If you’ve made more money than your spouse and are considering filing for divorce, brace yourself. You may be required to make alimony, also known as spousal support, payments. This includes spouses who worked while the other took care of the home. The payments are usually done monthly until:

  • One of you dies or some other type of significant life event occurs:
  • Your former spouse remarries
  • The judge decides on a court date years into the future or if the judge decides enough time has passed for your spouse to be able to take care of themselves
  • Your child no longer needs to be taken care of by a full-time parent.

State law has placed guidelines on how alimony payments are calculated but those calculations are dependent on the accuracy of the information provided to the court. It is recommended to meet with an experienced spousal support attorney to ensure your payments are being calculates accurately and fairly.

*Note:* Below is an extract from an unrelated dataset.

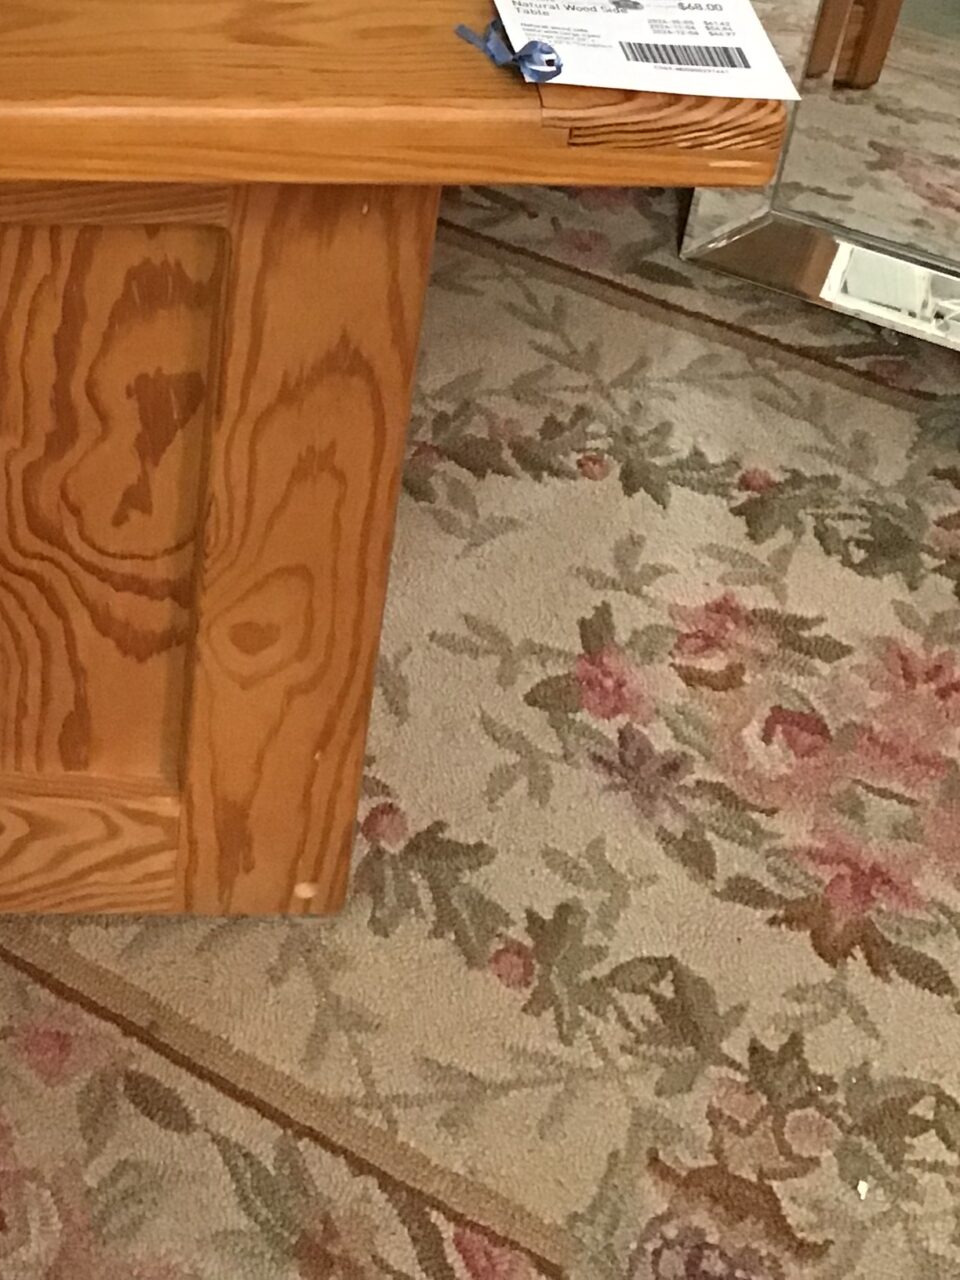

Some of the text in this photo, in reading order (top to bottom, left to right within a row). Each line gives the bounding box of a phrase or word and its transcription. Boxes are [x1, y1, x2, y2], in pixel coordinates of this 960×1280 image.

[512, 0, 560, 11] Natural
[564, 4, 597, 12] Wood
[677, 2, 723, 11] $68.00
[516, 8, 550, 16] Table

There are two types of spousal support: temporary and permanent support. Temporary support can be granted while the divorce is pending. Payment amounts are determined by county laws. After the division of property is settled, the court can then decide to end the temporary spousal support or order long-term support if necessary. There are 13 factors that determine where long-term support, also known as permanent spousal support, will be ordered by a California court. These include:

  • duration of the marriage;
  • the standard of living established during the marriage;
  • any history of domestic violence;
  • and other factors.

Should the circumstances surrounding your spouse change such as them remarrying or getting a job, it is possible to petition the court to change the spousal support agreement. Before doing so, however, make sure to speak to a spousal support lawyer knowledgeable in spousal support law to advise you accordingly. The spousal support lawyers at Hoover Krepelka, LLP are prepared to give you appropriate counsel regarding your alimony case.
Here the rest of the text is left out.